Lent | 3.5.12
Psalm 105:1-11, 37-45
On a Sunday soon after the first of the year, my family and I joined a local Haitian congregation for worship in the chapel at First Nazarene Church in East Nashville. Having traveled to Haiti several times in the past, our hope was to experience once again the passion and beauty of a Haitian worship service and connect with members of the local Haitian community. We were not disappointed as we were enthusiastically welcomed and enjoyed again the spontaneity and vibrancy of worship. The sermon (which was quietly translated for us by a young woman sitting nearby) focused on the birth of Isaac to an aged Abraham and Sarah, celebrating a long anticipated promise, fulfilled by God. The pastor encouraged his congregation, many of whom experienced great suffering before leaving their home country and continue to be very concerned for family they left behind, to exercise patience in waiting for the fulfillment of the promises of God.
The sermon took on new meaning for us because since the spring of 2011, my wife Elizabeth and I have been medical foster parents to a young boy from Haiti who is in the United States for medical treatment. He is an orphan who was born one month after the earthquake in Haiti and has needed medical attention for a congenital leg condition and vision impairment. We call him “Kenbe” which in Creole (the language of Haiti) means, “to hold on.” Our hope is to adopt him as our son one day. However, adopting from Haiti is a lengthy and unpredictable process. So, we must be patient as we wait and pray for the chance to become his parents.

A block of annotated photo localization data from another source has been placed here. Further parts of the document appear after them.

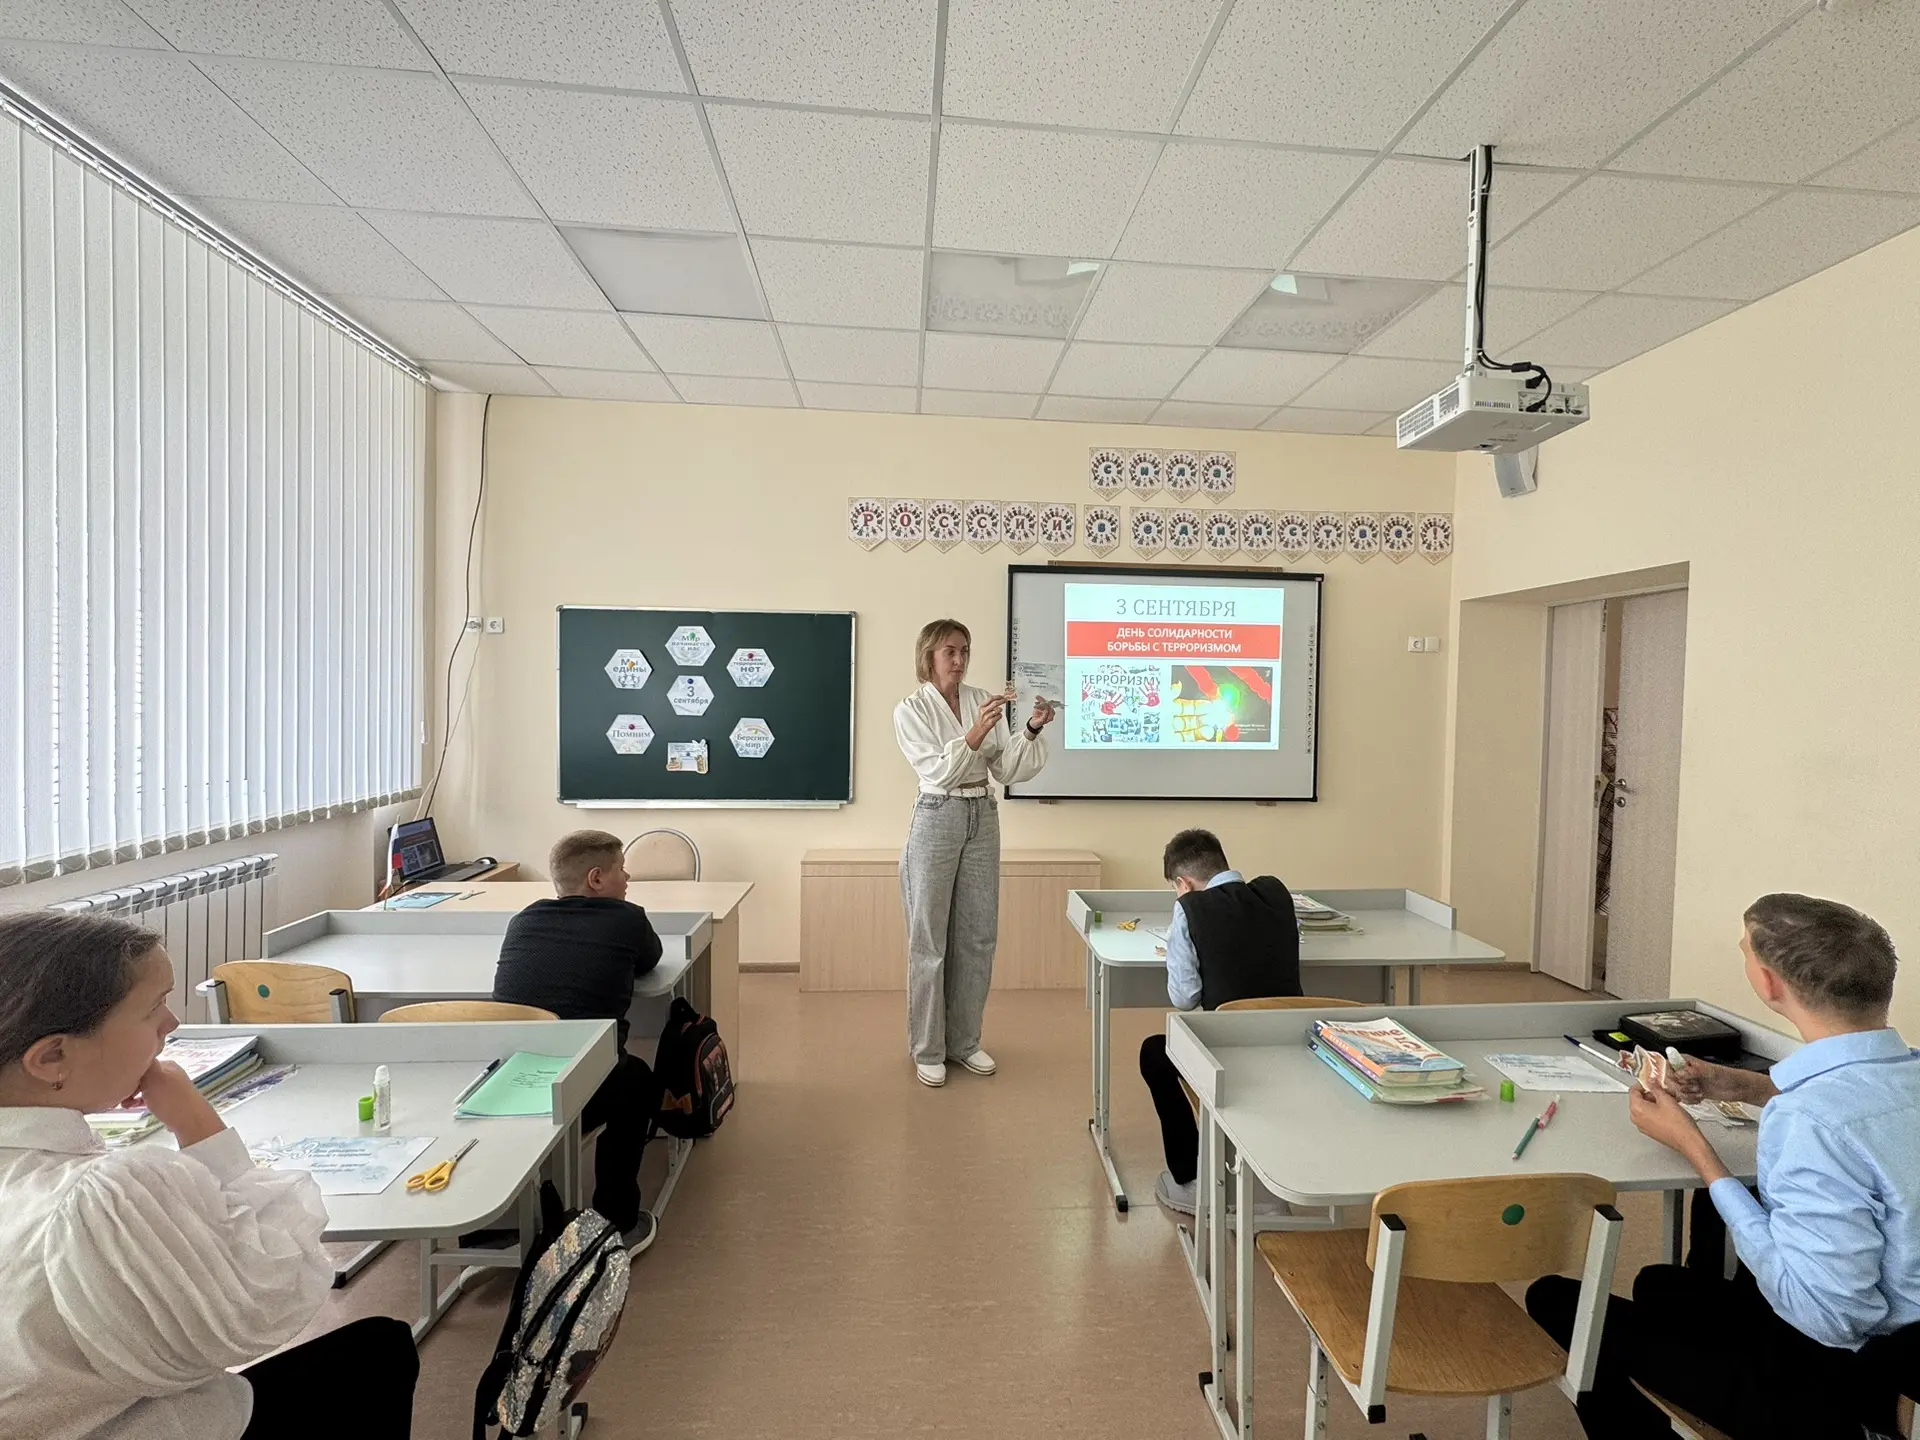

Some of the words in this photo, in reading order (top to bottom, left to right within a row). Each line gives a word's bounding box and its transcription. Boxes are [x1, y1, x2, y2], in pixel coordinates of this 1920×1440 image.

[1116, 598, 1126, 615] 3
[1133, 599, 1236, 617] СЕНТЯБРЯ
[1116, 627, 1145, 639] ДЕНЬ
[1147, 627, 1232, 640] СОЛИДАРНОСТИ
[1107, 641, 1151, 652] БОРЬБЫ
[1152, 642, 1159, 652] С
[1162, 642, 1241, 653] ТЕРРОРИЗМОМ
[612, 666, 647, 674] едины
[686, 686, 695, 698] 3
[673, 697, 709, 705] сентября
[612, 729, 651, 739] Помним

Lent is a time for patient waiting that provides to Christ’s followers an opportunity for reflection and preparation before the joy of Easter Sunday. The story of Abraham and Sarah reminds us that long after one would expect a woman to be able to conceive and birth a child, God fulfilled a promise he made to them to make their descendants a great nation. Such a time of waiting tried their patience. While they were not always models of patience, God still used them to be a blessing to others.
As we prepare ourselves during Lent, let us patiently await the fulfillment of the promises God has made to us. We can take comfort in knowing that because of the resurrection we celebrate on Easter, we have the hope that those promises will be fulfilled.